_DESCRIPTION OF THE TASK_
Write the entries below out again exactly, but skip the pictures.

[Opening MATERIAL SHOWN section]

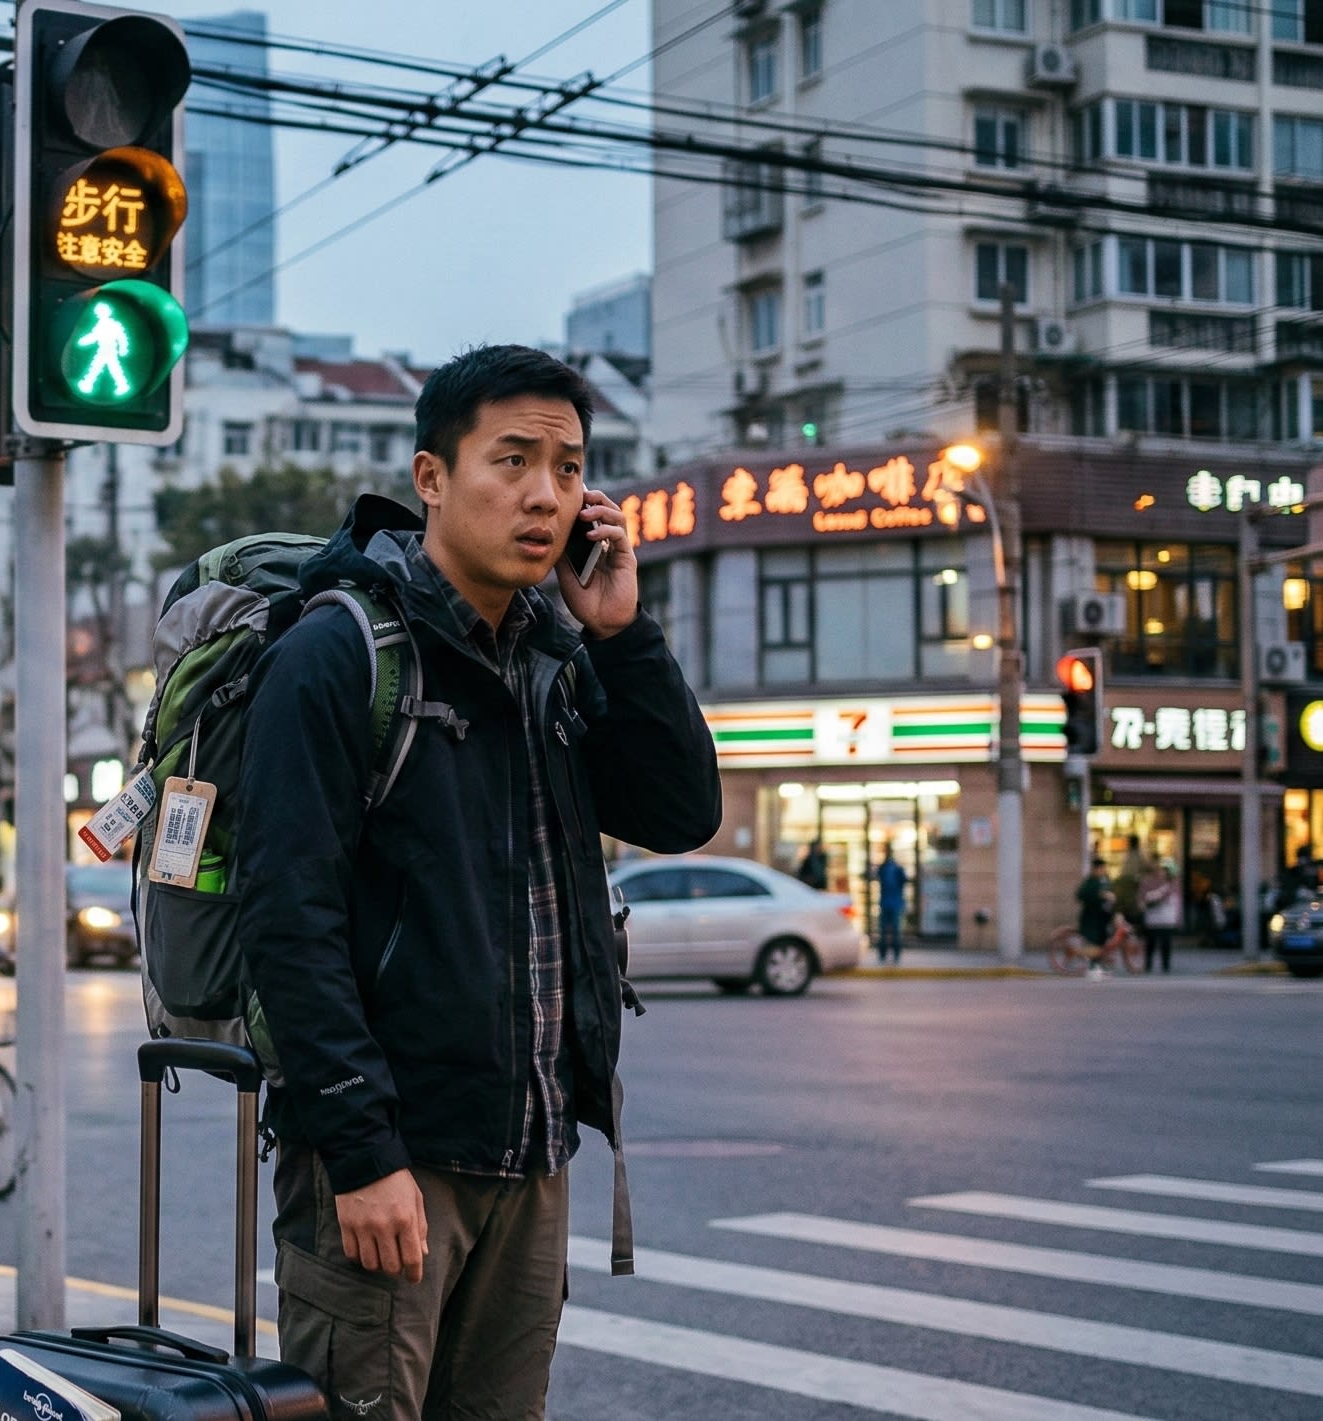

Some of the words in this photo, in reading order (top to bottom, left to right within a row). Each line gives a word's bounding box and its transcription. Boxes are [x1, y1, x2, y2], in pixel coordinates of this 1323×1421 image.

[60, 178, 145, 235] 步行
[56, 231, 149, 270] 注意安全
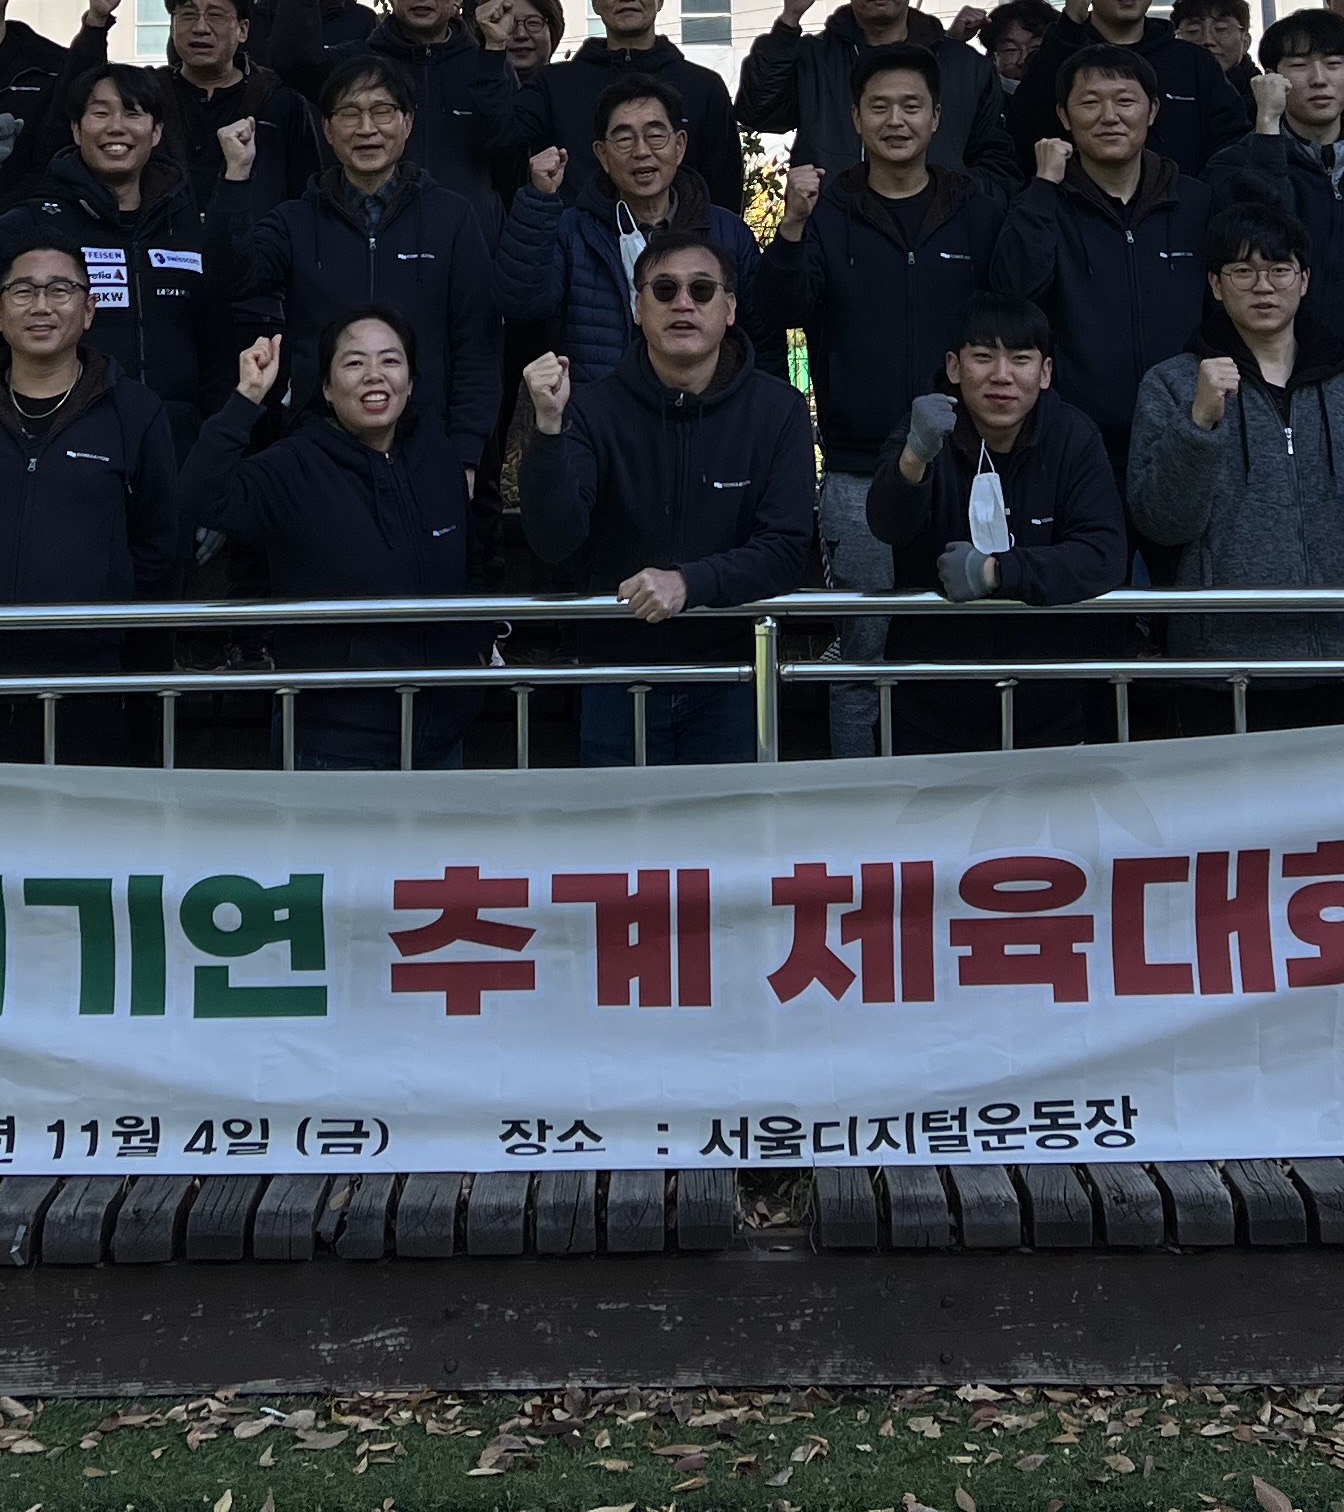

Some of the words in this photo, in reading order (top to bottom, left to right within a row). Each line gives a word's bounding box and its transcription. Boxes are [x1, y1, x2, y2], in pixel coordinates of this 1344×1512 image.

[388, 865, 712, 1016] 추계
[46, 1115, 161, 1161] 11월
[183, 1117, 271, 1156] 4일
[296, 1116, 391, 1157] (금)
[498, 1118, 607, 1156] 장소
[699, 1094, 1138, 1161] 서울디지털운동장
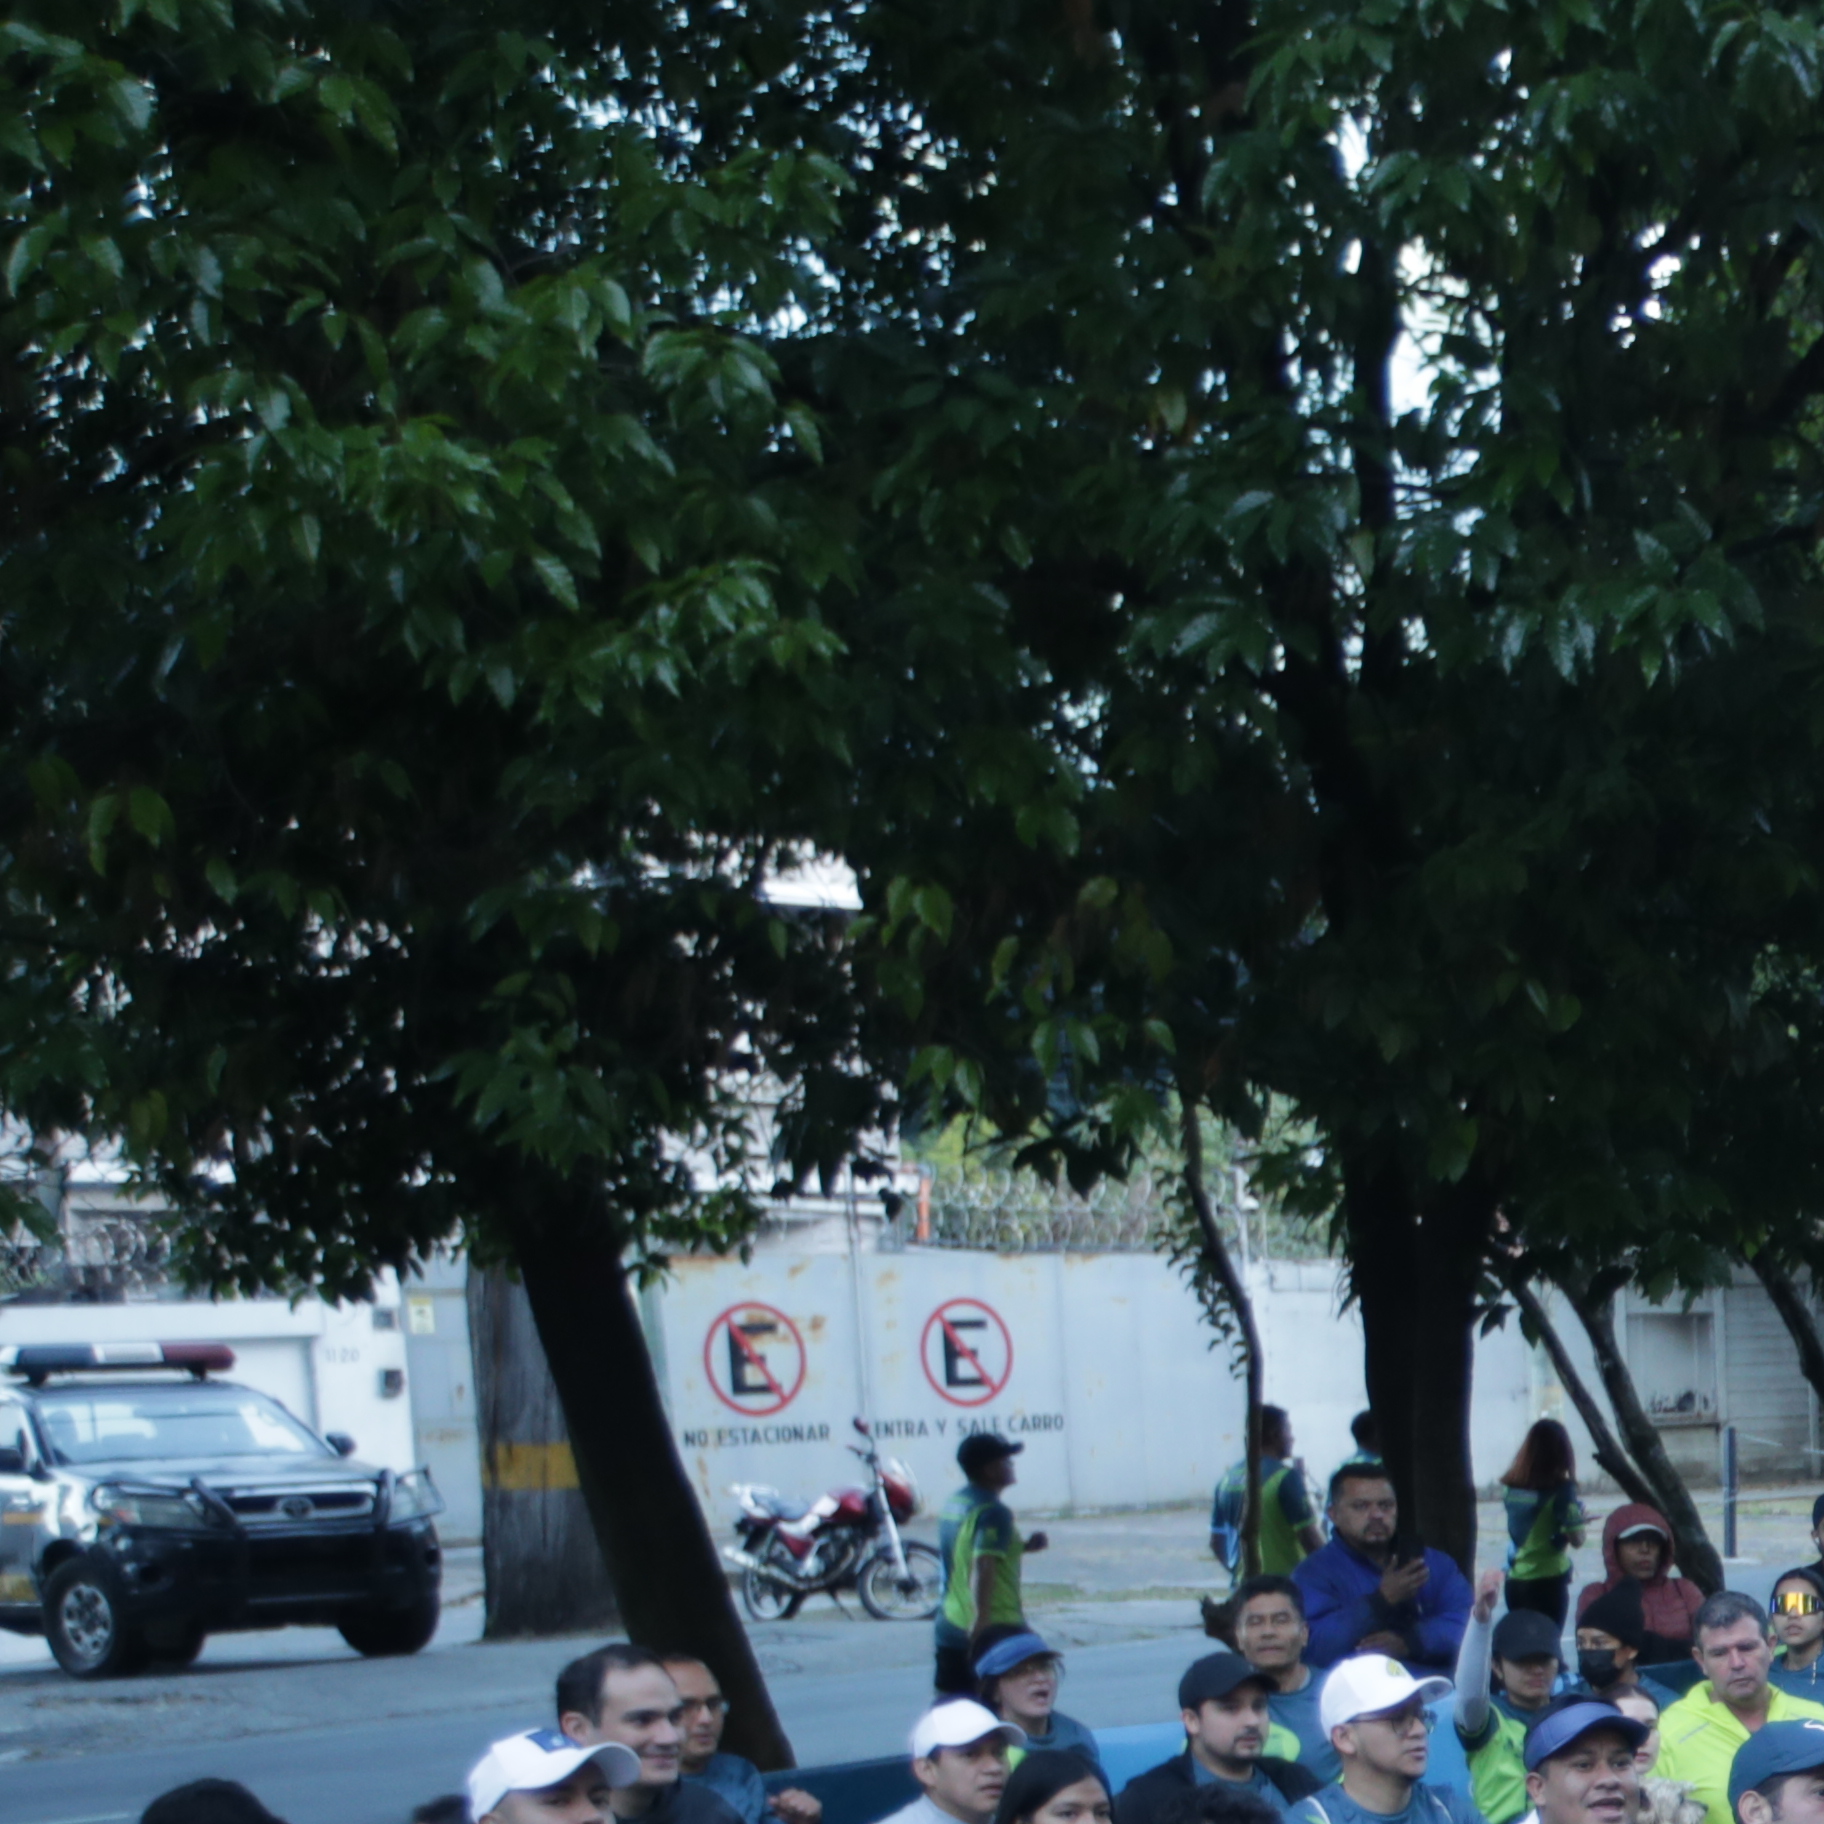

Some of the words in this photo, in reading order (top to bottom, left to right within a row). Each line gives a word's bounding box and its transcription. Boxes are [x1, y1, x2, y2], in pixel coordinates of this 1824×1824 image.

[726, 1322, 782, 1396] E
[941, 1319, 987, 1387] E
[684, 1430, 708, 1448] NO
[716, 1424, 831, 1446] ESTACIONAR
[874, 1419, 929, 1439] ENTRA
[937, 1419, 948, 1437] Y
[956, 1417, 1000, 1436] SALE
[1007, 1414, 1065, 1434] CARRO

[Closing MATERIAL SHOWN section]

_RESPONSE BELOW_
Some of the words in this photo, in reading order (top to bottom, left to right within a row). Each line gives a word's bounding box and its transcription. Boxes are [x1, y1, x2, y2], in pixel coordinates of this 1323×1421 image.

[60, 178, 145, 235] 步行
[56, 231, 149, 270] 注意安全

Some of the words in this photo, in reading order (top to bottom, left to right within a row). Each line gives a word's bounding box and its transcription. Boxes are [x1, y1, x2, y2], in pixel coordinates of this 1344×1512 image.

[388, 865, 712, 1016] 추계
[46, 1115, 161, 1161] 11월
[183, 1117, 271, 1156] 4일
[296, 1116, 391, 1157] (금)
[498, 1118, 607, 1156] 장소
[699, 1094, 1138, 1161] 서울디지털운동장

Some of the words in this photo, in reading order (top to bottom, left to right within a row). Each line gives a word's bounding box and its transcription. Boxes are [x1, y1, x2, y2], in pixel coordinates of this 1824×1824 image.

[726, 1322, 782, 1396] E
[941, 1319, 987, 1387] E
[684, 1430, 708, 1448] NO
[716, 1424, 831, 1446] ESTACIONAR
[874, 1419, 929, 1439] ENTRA
[937, 1419, 948, 1437] Y
[956, 1417, 1000, 1436] SALE
[1007, 1414, 1065, 1434] CARRO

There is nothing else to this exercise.